↓

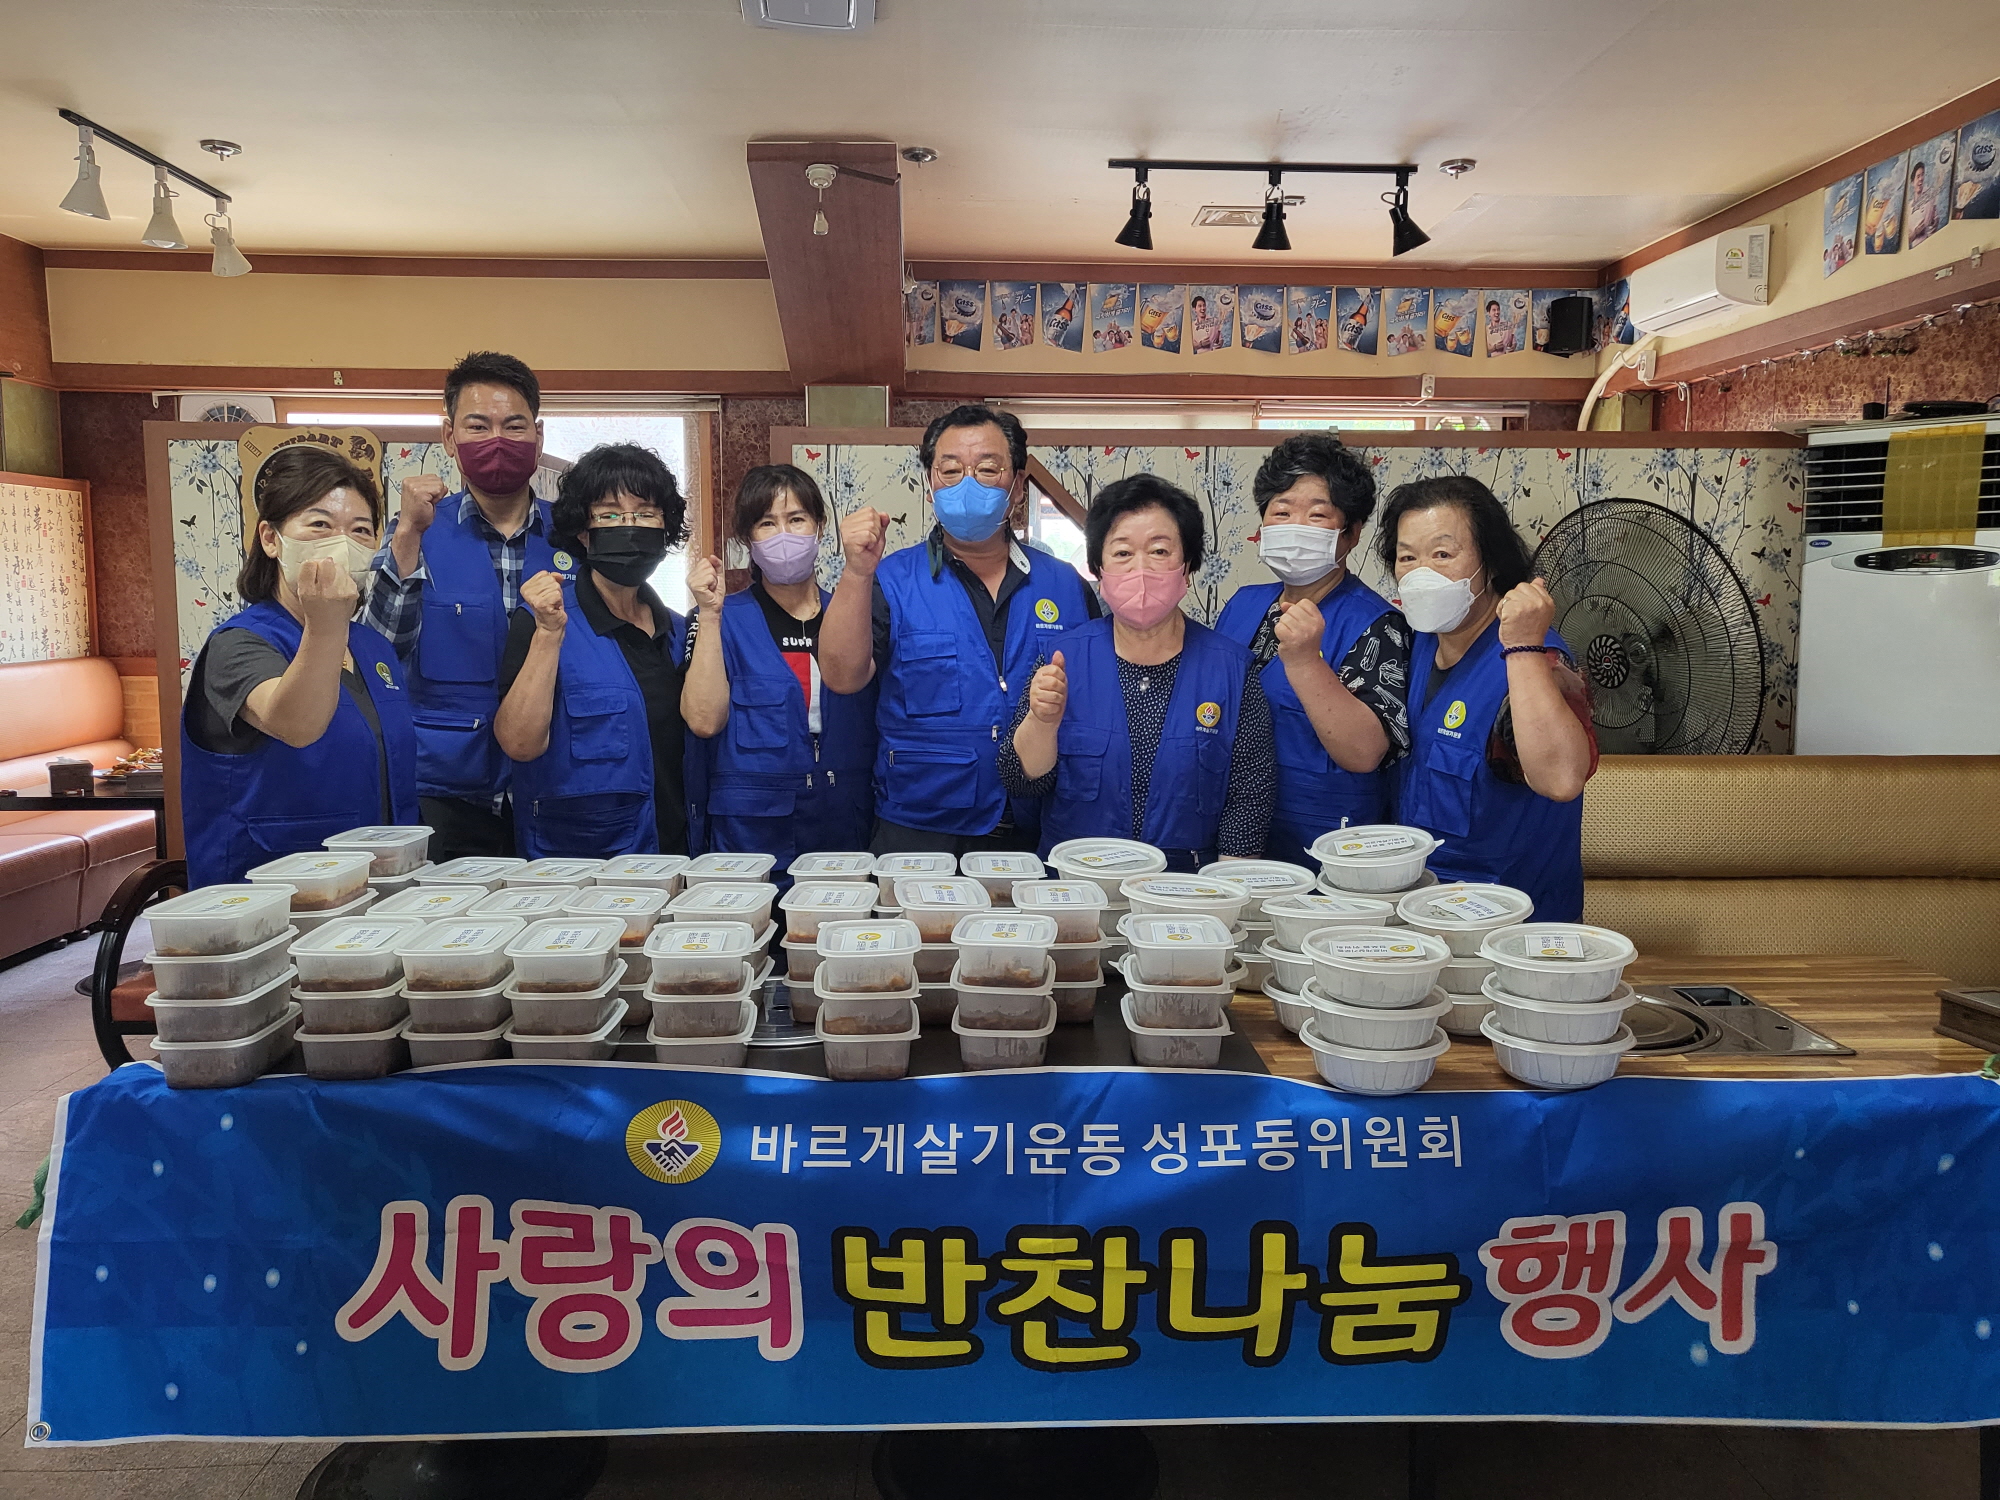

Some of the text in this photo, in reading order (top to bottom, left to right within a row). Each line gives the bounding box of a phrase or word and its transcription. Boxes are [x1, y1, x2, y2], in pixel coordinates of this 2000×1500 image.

[956, 298, 975, 307] Cass
[1015, 293, 1032, 304] 카스
[1310, 298, 1327, 309] 카스
[1255, 302, 1274, 311] Cass
[1148, 308, 1162, 318] Cass
[1441, 312, 1456, 322] Cass
[750, 1115, 1464, 1176] 바르게살기운동 성포동위원회
[335, 1194, 1778, 1375] 사랑의 반찬나눔 행사

↑

**What you will do**: The entire listing above, minus its pictures, should be copied out exactly.

**Result of the task**:
Some of the text in this photo, in reading order (top to bottom, left to right within a row). Each line gives the bounding box of a phrase or word and its transcription. Boxes are [x1, y1, x2, y2], in pixel coordinates of this 2000×1500 image.

[956, 298, 975, 307] Cass
[1015, 293, 1032, 304] 카스
[1310, 298, 1327, 309] 카스
[1255, 302, 1274, 311] Cass
[1148, 308, 1162, 318] Cass
[1441, 312, 1456, 322] Cass
[750, 1115, 1464, 1176] 바르게살기운동 성포동위원회
[335, 1194, 1778, 1375] 사랑의 반찬나눔 행사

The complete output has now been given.